The reality was, I found myself in bed with incredible stomach pain. My best analogy for the pain would be if a 98-lb weakling was punching me lightly and repeatedly in the stomach, and then that weakling slowly started to gain muscle mass until he was as powerful as Mike Tyson in his prime and just as crazy (he is punching me in the stomach for no reason, after all). And for the medically inclined out there, he wasn't focusing on just one area, but working the whole abdomen.

So I tried to soldier through it at first, laying on the floor while Evie played on me and Megan folded laundry. Tried to get some rest in bed while the two of them went to eat that Bundt cake. Tried to take my mind off of it by playing a video game (Puzzle Quest, an RPG-Puzzle game where Bejeweled is the main engine). Eventually, I called my parents to ask for advice, and, alarmingly enough, they recommended an immediate trip to the Emergency Room.

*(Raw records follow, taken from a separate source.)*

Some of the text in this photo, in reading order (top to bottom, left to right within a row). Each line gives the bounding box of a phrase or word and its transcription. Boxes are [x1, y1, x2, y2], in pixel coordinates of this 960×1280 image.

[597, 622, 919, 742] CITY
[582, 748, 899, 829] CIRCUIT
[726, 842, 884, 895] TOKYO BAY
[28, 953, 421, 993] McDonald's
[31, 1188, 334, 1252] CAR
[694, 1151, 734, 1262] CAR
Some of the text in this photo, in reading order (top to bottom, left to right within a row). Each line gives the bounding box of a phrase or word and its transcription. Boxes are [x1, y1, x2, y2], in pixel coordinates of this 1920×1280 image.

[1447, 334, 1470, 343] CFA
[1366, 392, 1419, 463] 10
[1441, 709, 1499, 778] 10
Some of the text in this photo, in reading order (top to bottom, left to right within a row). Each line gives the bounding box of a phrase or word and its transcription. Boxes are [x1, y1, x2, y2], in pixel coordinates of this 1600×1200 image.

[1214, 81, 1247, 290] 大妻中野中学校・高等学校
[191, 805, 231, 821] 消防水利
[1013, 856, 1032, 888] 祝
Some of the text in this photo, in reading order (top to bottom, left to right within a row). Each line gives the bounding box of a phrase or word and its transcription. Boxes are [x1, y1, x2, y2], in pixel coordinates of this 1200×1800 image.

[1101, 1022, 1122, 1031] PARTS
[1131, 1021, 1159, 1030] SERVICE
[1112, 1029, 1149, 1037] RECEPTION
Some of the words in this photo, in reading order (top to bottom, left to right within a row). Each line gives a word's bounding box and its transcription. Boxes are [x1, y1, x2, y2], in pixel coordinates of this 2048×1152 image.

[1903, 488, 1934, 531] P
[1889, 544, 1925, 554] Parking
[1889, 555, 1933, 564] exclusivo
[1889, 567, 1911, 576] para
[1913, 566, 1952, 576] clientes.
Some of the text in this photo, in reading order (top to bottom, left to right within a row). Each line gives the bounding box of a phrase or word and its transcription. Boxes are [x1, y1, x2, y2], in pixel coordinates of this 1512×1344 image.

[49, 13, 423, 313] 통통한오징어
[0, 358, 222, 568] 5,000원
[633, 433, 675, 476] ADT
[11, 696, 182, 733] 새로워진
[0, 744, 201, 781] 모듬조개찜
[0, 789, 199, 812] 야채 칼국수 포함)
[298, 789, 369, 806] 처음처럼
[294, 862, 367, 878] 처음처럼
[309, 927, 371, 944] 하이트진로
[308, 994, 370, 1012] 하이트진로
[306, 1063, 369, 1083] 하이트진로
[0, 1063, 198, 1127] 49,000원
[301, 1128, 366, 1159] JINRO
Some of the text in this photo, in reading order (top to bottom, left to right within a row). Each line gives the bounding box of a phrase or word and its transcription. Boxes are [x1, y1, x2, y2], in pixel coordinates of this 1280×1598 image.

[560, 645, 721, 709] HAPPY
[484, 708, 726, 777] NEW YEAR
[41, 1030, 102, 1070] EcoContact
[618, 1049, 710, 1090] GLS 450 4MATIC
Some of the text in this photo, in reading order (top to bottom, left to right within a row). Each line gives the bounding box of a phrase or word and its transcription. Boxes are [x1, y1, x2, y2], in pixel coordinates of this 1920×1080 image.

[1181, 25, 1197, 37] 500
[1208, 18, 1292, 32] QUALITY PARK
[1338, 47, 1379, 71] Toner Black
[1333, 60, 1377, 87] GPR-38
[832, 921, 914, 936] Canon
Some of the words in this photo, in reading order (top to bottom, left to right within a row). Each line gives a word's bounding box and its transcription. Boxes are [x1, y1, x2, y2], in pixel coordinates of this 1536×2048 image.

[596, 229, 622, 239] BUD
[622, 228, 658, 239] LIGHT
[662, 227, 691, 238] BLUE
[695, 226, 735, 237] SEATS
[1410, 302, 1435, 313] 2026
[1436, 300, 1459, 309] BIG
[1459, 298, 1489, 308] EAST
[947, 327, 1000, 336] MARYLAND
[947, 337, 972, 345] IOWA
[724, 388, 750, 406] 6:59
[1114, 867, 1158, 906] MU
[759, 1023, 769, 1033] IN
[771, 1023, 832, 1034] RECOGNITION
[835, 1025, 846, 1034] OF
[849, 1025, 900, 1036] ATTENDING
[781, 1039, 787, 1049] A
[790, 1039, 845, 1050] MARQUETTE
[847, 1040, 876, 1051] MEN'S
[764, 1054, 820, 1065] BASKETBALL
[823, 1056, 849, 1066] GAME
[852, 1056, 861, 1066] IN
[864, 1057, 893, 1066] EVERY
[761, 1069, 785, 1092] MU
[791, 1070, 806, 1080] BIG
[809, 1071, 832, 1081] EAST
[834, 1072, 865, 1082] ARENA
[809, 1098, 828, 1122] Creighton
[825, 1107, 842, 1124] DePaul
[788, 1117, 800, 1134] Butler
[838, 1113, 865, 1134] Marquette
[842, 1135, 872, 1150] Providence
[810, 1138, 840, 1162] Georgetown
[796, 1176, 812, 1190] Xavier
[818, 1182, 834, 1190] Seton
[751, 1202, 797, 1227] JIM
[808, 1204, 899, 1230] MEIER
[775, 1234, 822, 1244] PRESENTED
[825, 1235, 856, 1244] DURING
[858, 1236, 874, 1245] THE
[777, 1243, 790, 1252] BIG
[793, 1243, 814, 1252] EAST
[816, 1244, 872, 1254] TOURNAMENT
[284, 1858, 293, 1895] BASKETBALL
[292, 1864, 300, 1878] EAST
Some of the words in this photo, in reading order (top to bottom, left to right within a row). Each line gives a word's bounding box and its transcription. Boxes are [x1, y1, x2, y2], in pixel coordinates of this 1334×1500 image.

By this time, the 98-lb weakling had worked his way up to middleweight class. I climbed into the car, Megan zoomed off, and we were on our way to the ER at Lutheran Hospital. By this time, it was 8 p.m. and I still had an article to finish up for Play Magazine that was due that night. After the preliminaries, they took me back to a room and I proceeded to writhe and groan while a nurse with tiny eyebrows stuck me first in one arm, then the other when my right arm veins decided they didn't want to be an IV site after all. After we were left in relative peace, I dictated the rest of my article to Megan, who relayed it to Linda, who proofread and e-mailed the article to my editor. Free to suffer in peace, Megan and I spent the next 7 hours waiting to be x-rayed and CAT scanned, and for a doctor to come and examine me. Thankfully, nurses with syringes of powerful painkillers made the wait much less painful, though not less fearful.

I was semi-coherent during this time. After the first shot of morphine, the pain subsided enough to let me sleep, then after the first scan they needed me to drink some stuff that would help my internal organs show up better. That brought the pain back on again, and another shot of morphine. After the second scan, the doctor said that they had ruled out any of the emergency causes of the pain (appendix, kidney stones, gall stones, etc) and that, since I was feeling better, they were going to discharge me and give me a perscription for Vicodin. When I asked about the pain, they said that I should take the Vicodin if in pain and see my family doctor ASAP for a referral to a GI specialist.

Somewhat disheartened, but mostly just tired, we went home at 4 a.m., woke Linda up and sent her home, and I rested for two days waiting for the pain to come back, which it never did. I still have the bottle of Vicodin, and a new appreciation for what Megan went through with Evie.

Oh, and my editor decided not to use the article. Good times.